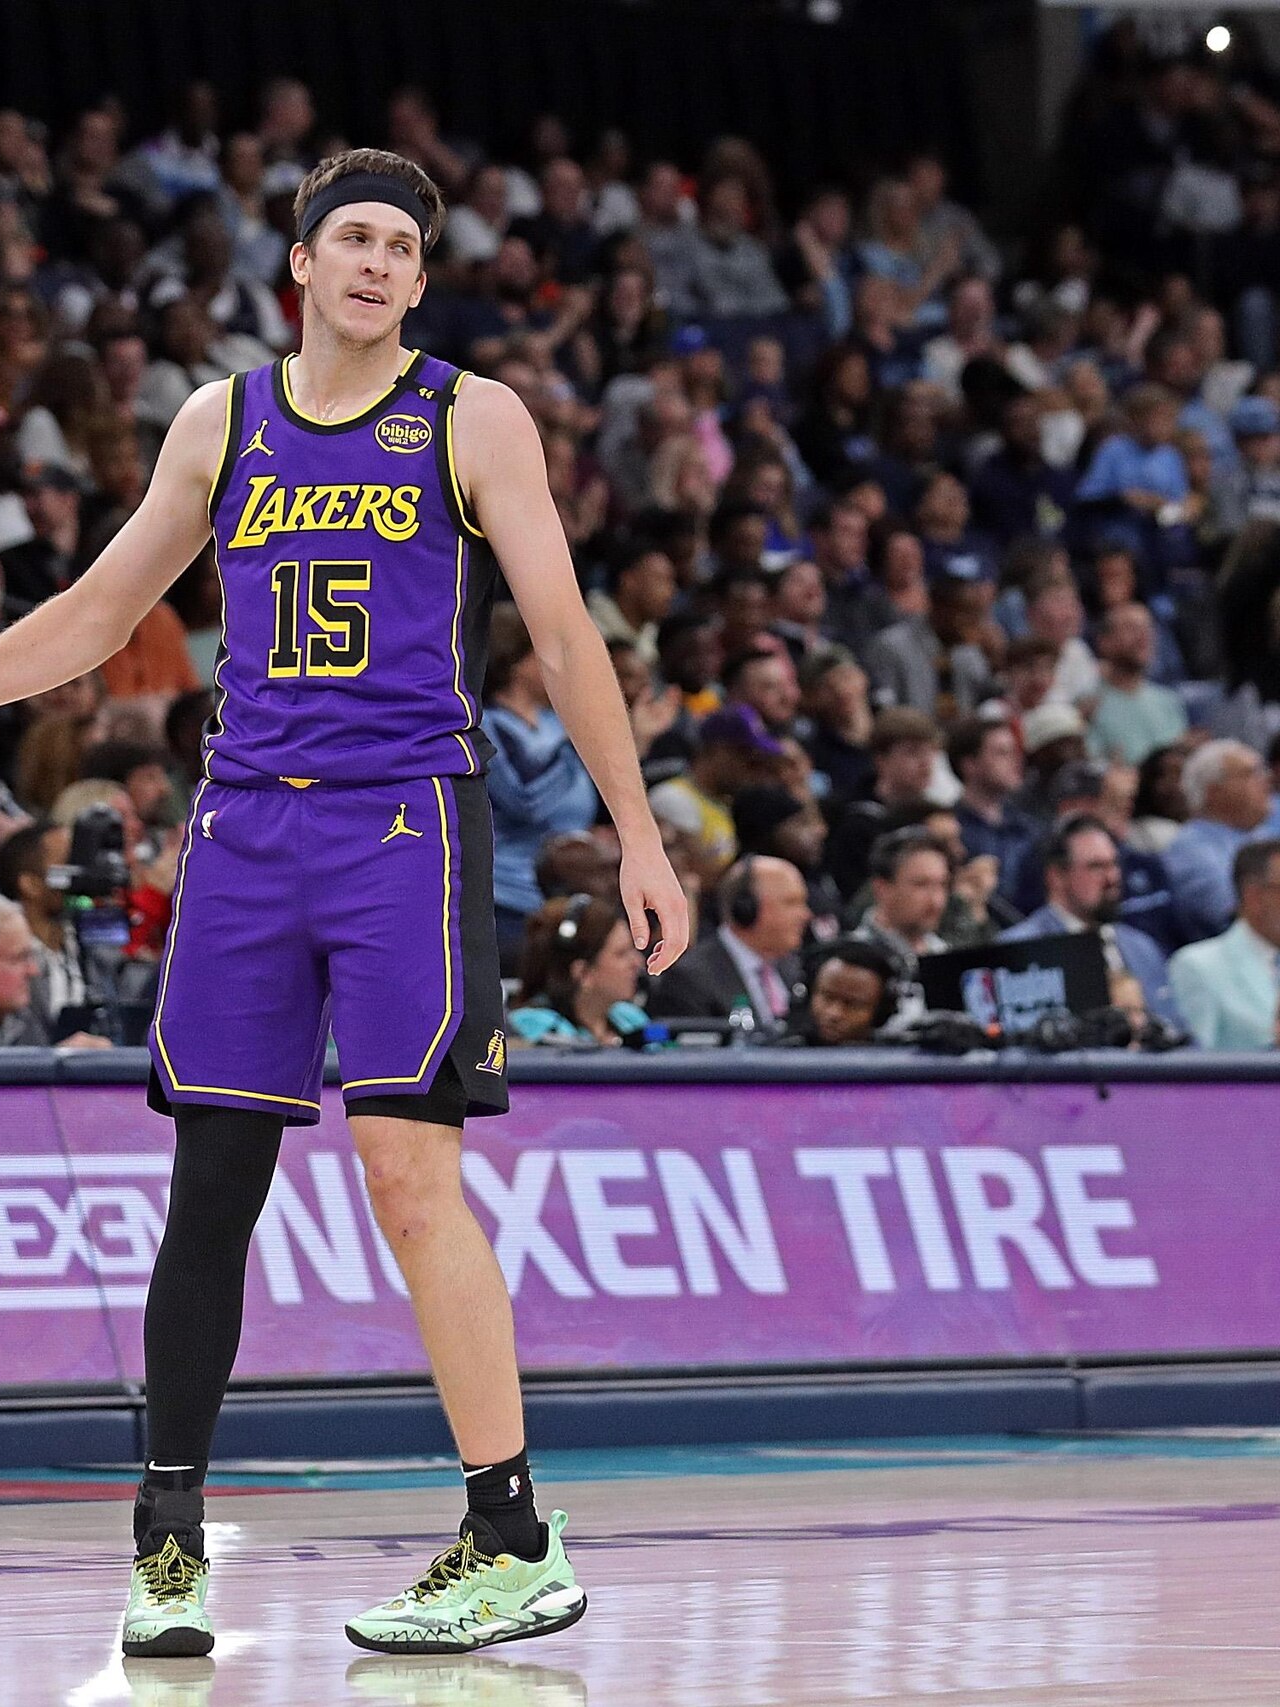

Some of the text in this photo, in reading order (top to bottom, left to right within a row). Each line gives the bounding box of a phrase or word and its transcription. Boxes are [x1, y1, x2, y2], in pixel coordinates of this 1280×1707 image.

[381, 423, 429, 443] bibigo
[227, 475, 422, 549] LAKERS
[267, 560, 371, 679] 15
[253, 1145, 1160, 1305] NXEN TIRE

**Task to complete**
Return the material from above in full, exactly as written, with the pictures omitted.

**Exercise solution**
Some of the text in this photo, in reading order (top to bottom, left to right within a row). Each line gives the bounding box of a phrase or word and its transcription. Boxes are [x1, y1, x2, y2], in pixel coordinates of this 1280×1707 image.

[381, 423, 429, 443] bibigo
[227, 475, 422, 549] LAKERS
[267, 560, 371, 679] 15
[253, 1145, 1160, 1305] NXEN TIRE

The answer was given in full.